As the Wall Street Journal reported late last year, many universal life insurance carriers have been raising premiums on policies that were sold as many as 30 years ago.
This has been difficult enough for policyholders who have found their premiums suddenly increased by thousands of dollars. Now, however, cost of insurance charges, or COI, for universal life policies are also on the rise, according to an article in LifeHealthPro.
COI charges account for mortality, administration, marketing, and other expenses incurred by an insurance company. These charges are determined by the insured’s current age, the current net amount of risk, and the original rating class. COI charges are usually deducted from a premium payment before crediting the rest to the policy’s account value.
Throughout 2015, several insurers increased these charges. Some increases were as small as 5 percent, but others went up by 50 percent. And that’s not the highest on record – one insurer even raised their COI charges between 95 and an incredible 600 percent.
The reasons behind these increases are varied, but they include low policy lapse rates, liquidity risk, regulatory issues, legal issues, and surprisingly low returns on insurers’ investments.
So what do these COI charge increases mean for the life settlement market?
These hikes have different implications for life settlement brokers, providers, and policyholders.
Obviously, these COI charge increases can present some hardship to policyholders, who may suddenly find themselves owing a lot more on their yearly bill than they’d planned. In fact, COI charges can account for 75-85 percent of the total premium cost.

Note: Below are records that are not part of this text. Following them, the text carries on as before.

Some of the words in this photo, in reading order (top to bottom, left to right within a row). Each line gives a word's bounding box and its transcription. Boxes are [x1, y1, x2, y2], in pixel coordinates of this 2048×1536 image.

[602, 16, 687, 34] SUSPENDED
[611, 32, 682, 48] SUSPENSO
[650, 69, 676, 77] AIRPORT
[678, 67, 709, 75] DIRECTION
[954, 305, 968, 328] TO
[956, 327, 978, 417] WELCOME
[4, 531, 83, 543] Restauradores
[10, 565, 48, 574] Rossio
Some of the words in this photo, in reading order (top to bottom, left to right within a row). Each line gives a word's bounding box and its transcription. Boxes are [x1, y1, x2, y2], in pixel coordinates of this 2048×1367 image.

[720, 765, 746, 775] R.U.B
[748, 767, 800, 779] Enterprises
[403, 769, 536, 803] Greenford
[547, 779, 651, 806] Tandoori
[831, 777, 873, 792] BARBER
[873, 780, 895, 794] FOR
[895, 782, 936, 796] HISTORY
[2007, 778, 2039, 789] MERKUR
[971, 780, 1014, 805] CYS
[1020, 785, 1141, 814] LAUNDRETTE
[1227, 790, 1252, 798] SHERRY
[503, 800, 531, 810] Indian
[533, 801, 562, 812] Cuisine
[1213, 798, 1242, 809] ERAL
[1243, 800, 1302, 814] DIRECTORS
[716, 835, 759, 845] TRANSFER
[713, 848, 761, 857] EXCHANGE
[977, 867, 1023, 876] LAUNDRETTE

What experts are predicting is that these COI charge increases, especially when coupled with 2015’s premium increases, will encourage many more policyholders to consider a life settlement.
Financial advisors who aren’t familiar with the life settlement process may want to begin educating themselves. Those who are able to offer their clients guidance regarding this often overlooked option will almost certainly have a competitive advantage in the years to come.
Institutional investors who have purchased life insurance policies have, so far, presented some resistance to these increases, as they will have a negative effect on their investment returns. Some have even initiated class action lawsuits against the insurance carriers that have instituted increases. Consumer groups like the Consumer Federation of America have also criticized these increases.
That doesn’t necessarily mean that those selling their life insurance policies on the Secondary Market will start seeing lower prices. Even though the prediction is for more policies to come onto the market as time goes on, at the same time, this market has been attracting more and more investors over the past several years.
This is partly due to the increased regulation that’s helped the Secondary Market shed the “wild west” image from earlier years. As it continues to be seen as a more mainstream investment opportunity, rather than an unusual one, there will continue to be more demand for policies.
Life settlement brokers stand to see an increase in their business as more policyholders decide that holding onto their policies is not worth the premium rate and/or COI increases that they’re seeing.
Indeed, if a policyholder is already considering getting rid of the policy – maybe it’s no longer needed, or perhaps the policyholder needs funds to cover long-term care – a 200 percent COI charge increase is likely to convince them.
To prepare for the developments that these increases may bring, life settlement brokers should ensure that they are operating ethically and at the highest level of compliance. They can also continue serving as a resource for financial advisors and their senior clients who may be interested in a life settlement and need to understand the process.